Luján Alcides Sosa Valdéz nació el 24 de octubre de 1957 en paraje Corralito, cerca de Rodó.
Hijo de Enrique Alcides Sosa (agricultor) y Ramona Valdéz. Luego de  cursar estudios primarios y secundarios se trasladó a Argentina, trabajando  en la imprenta Edmar que estaba ubicada en Donado y Manuela Pedreza (Buenos Aires). Allí trabajaba como maquinista Offset. Un par de veces al año visitaba a su familia. El 23 de abril de  1977  fue detenido entre las 21 y las 22 horas, en la calle, siendo llevado a la pensión donde vivía, en Marcelo T. De Alvear 1417. Allí llegaron cinco personas que se identificaron ante la dueña de la pensión como policías, mostrándole una placa. Le dijeron que iban a retirar las pertenencias de Sosa porque no lo iba a ver más, registrando la habitación. Afuera permanecían dos vehículos en marcha. Se presume que podría haberse vinculado a los Montoneros en Argentina, y que colaboraba siendo correo de dicha organización hacia Uruguay.

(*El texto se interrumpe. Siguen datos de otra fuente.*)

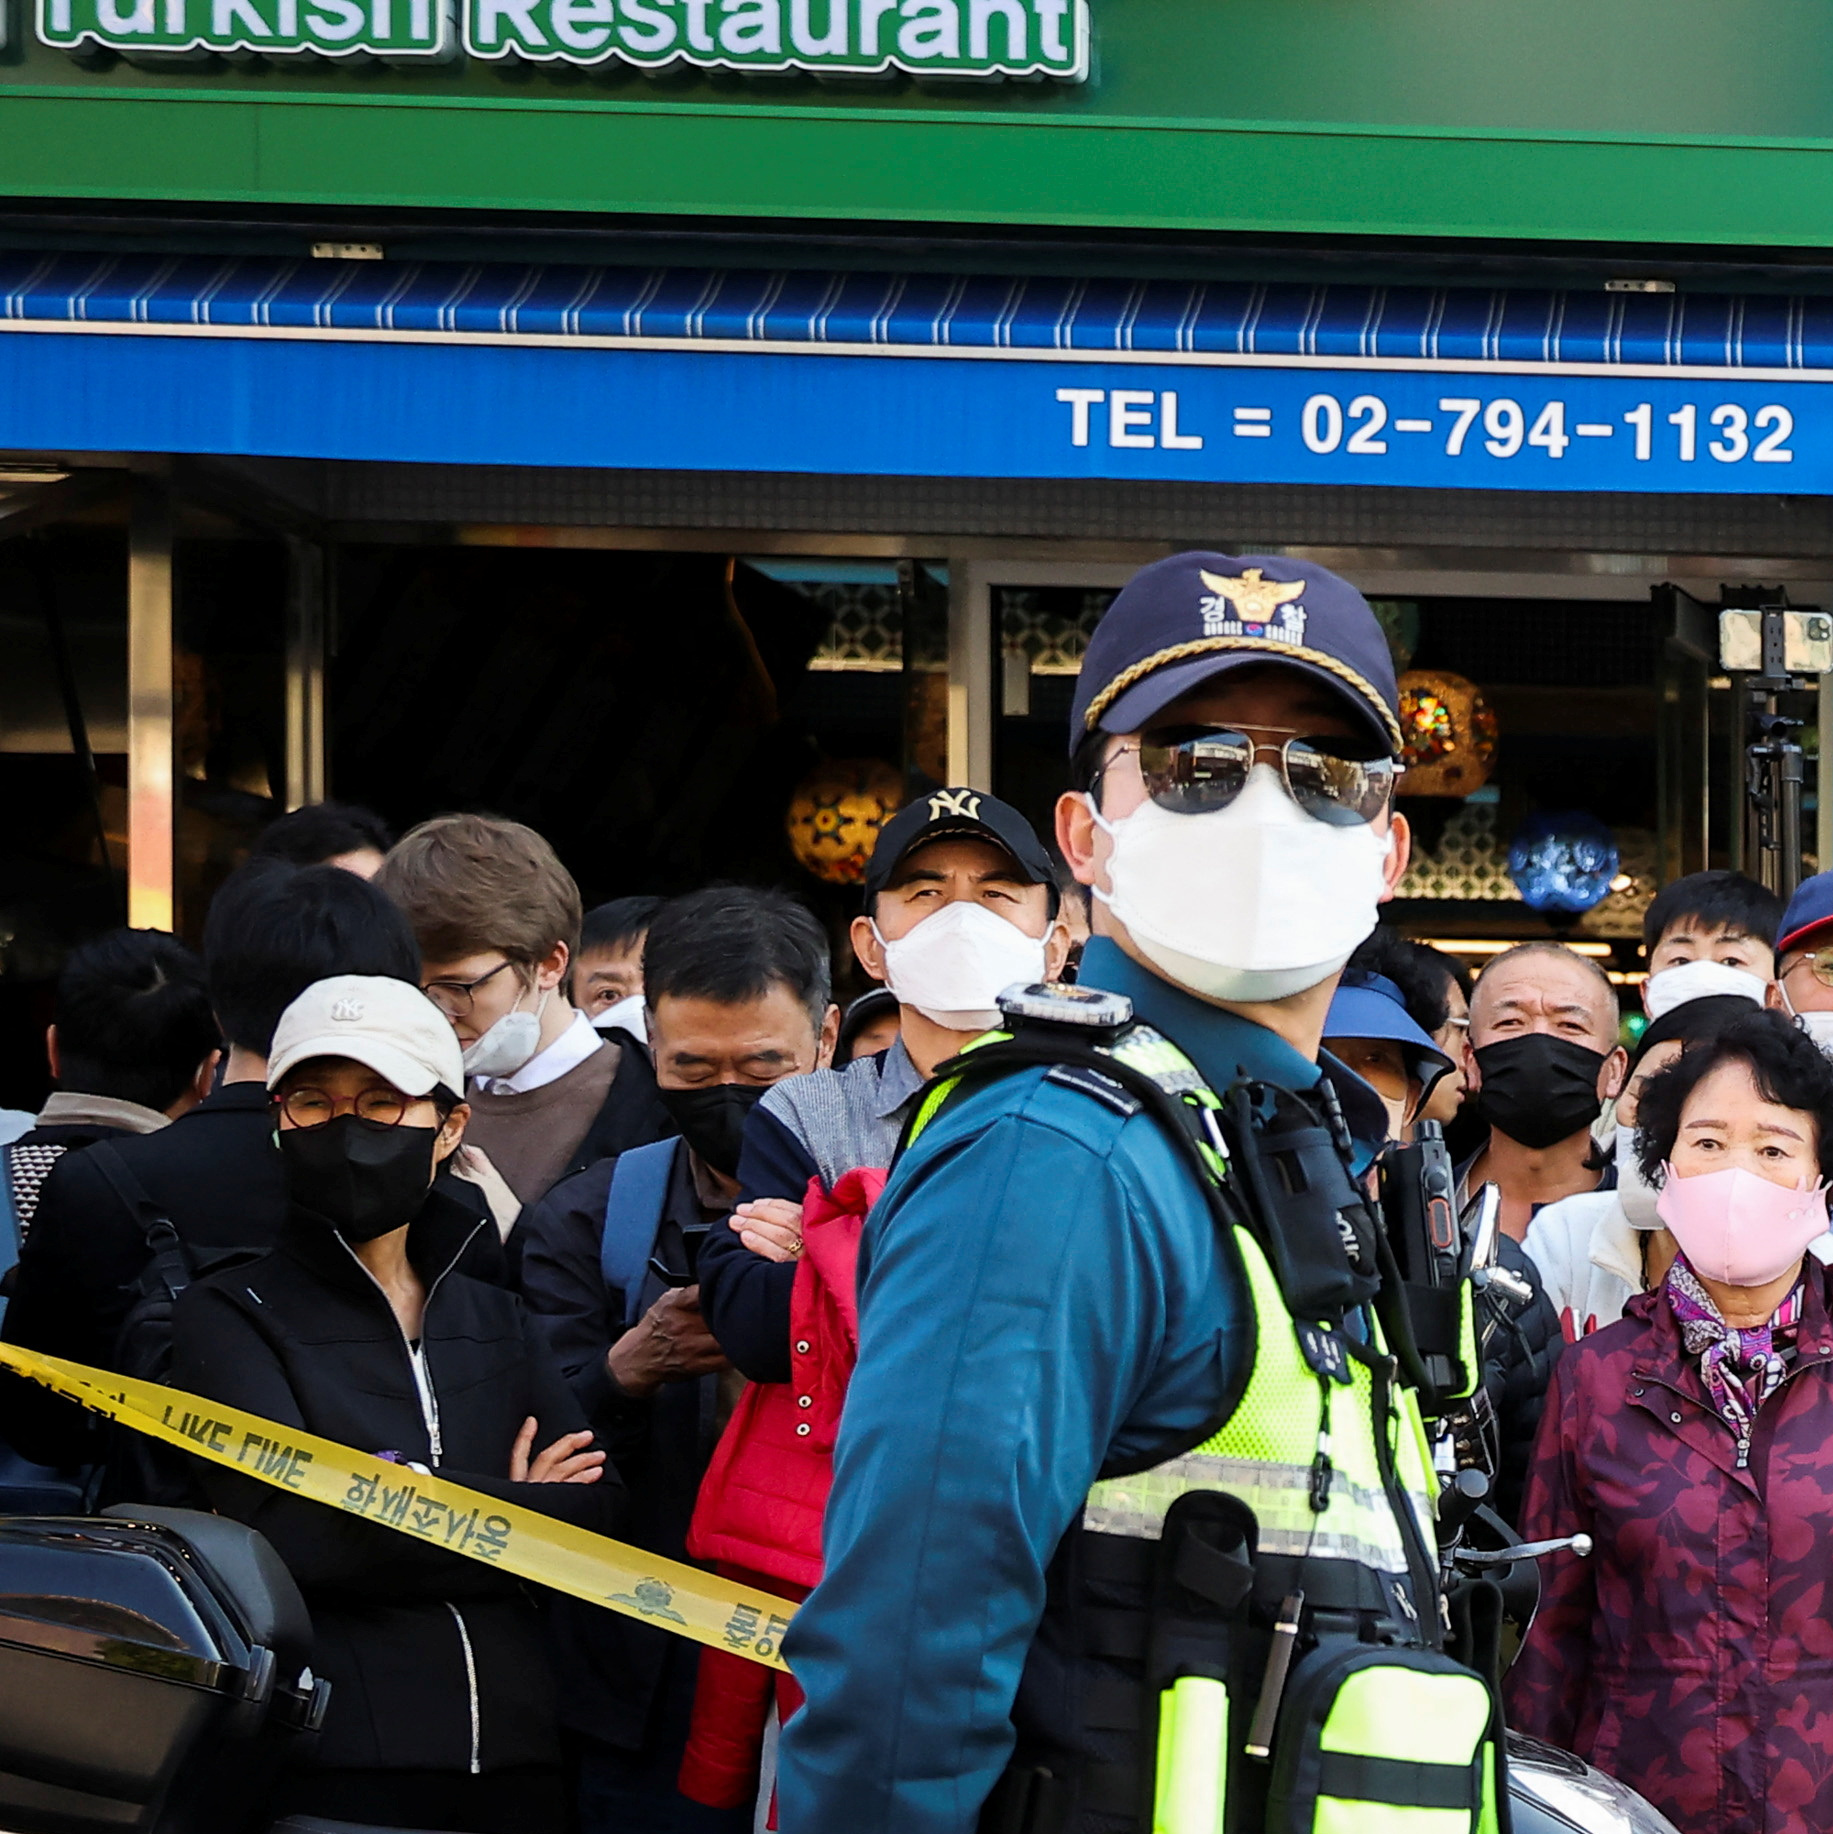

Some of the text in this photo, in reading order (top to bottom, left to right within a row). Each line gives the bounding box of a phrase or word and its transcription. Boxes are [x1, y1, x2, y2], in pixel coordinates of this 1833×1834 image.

[478, 0, 1073, 62] Restaurant
[1056, 387, 1202, 450] TEL
[1301, 391, 1795, 465] 02-794-1132
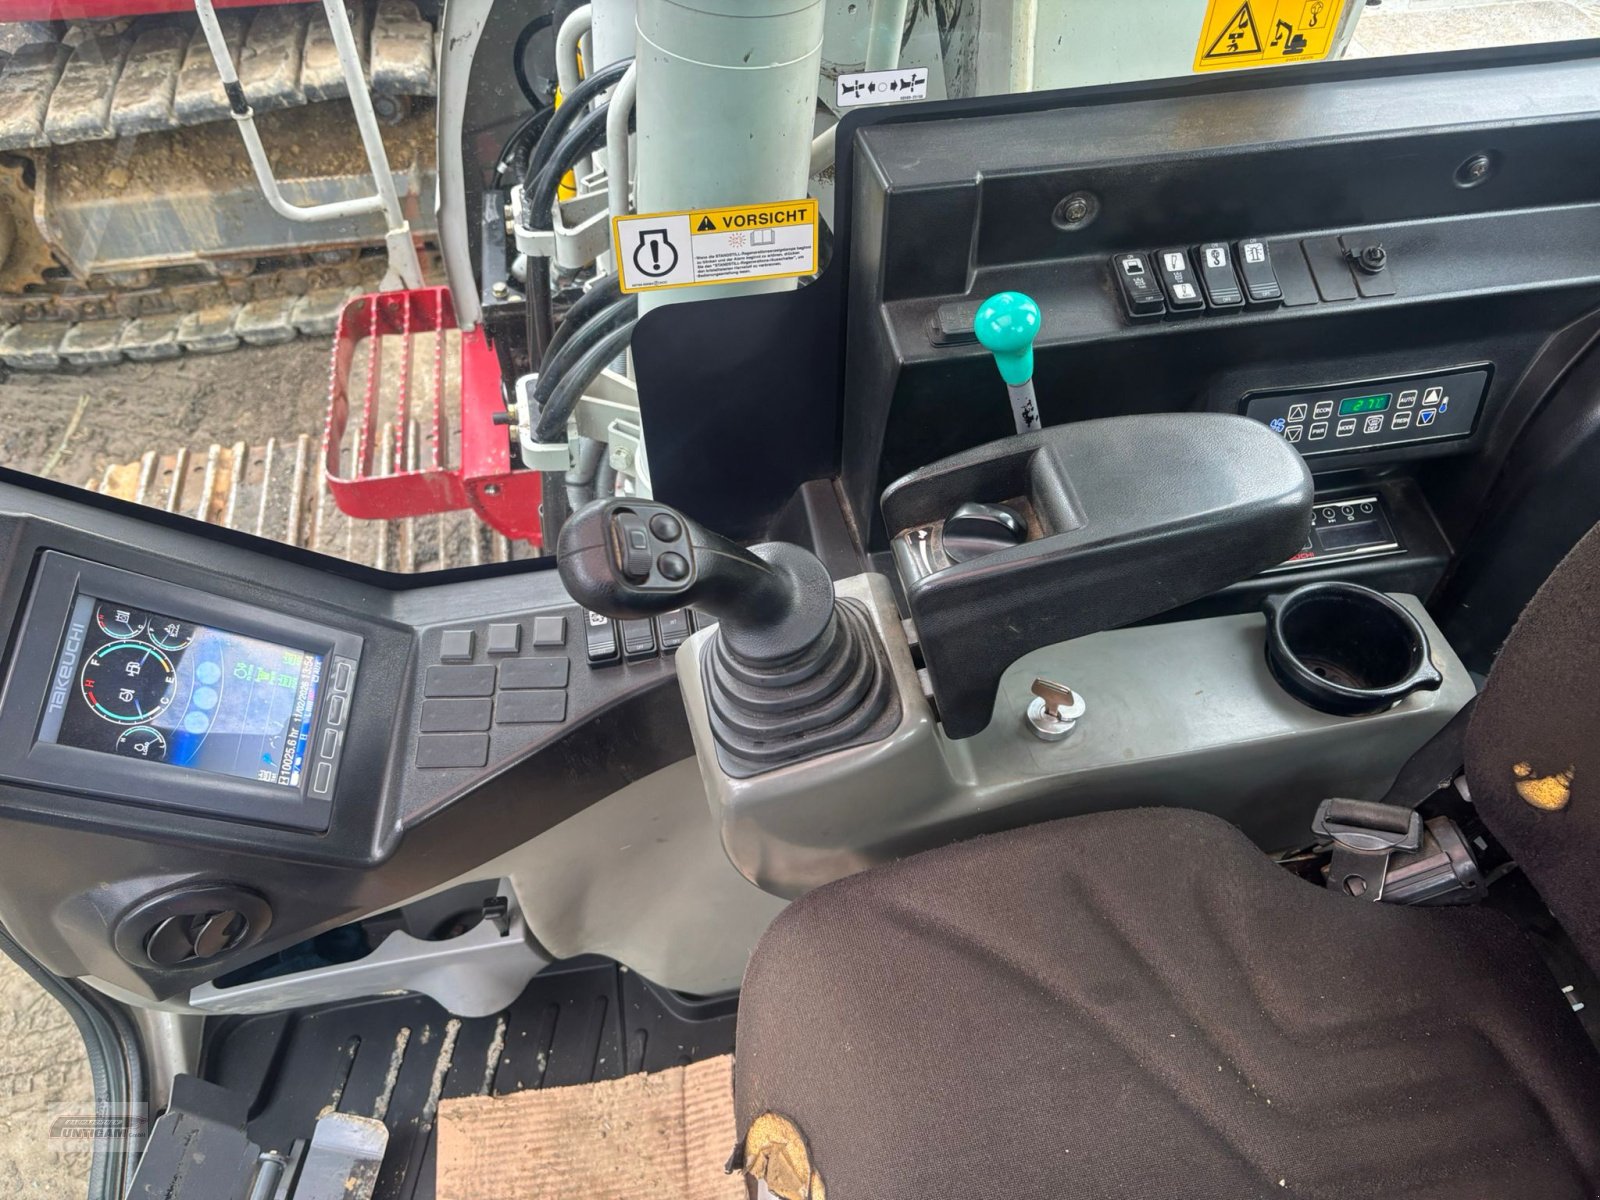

La Comisión para la Paz confirmó la denuncia sobre su desaparición. Agregando que  “es identificado en un centro clandestino de detención que funcionó como base operativa del grupo OT18, ubicado en las proximidades de la calle Chiclana y Pomar –Capital Federal- luego del cierre del centro clandestino de detención Automotores Orletti”. Concluyendo “no existen indicios sobre su destino posterior”. Ahora se confirma que estuvo detenido en la ESMA, quizá dos años después de su detención.
La ESMA fue el centro de reclusión más grande de Latinoamérica, y donde lamentablemente muchos uruguayos también fueron detenidos y brutalmente torturados, de los cuales muchos de ellos aún hoy se desconoce el paradero de sus restos.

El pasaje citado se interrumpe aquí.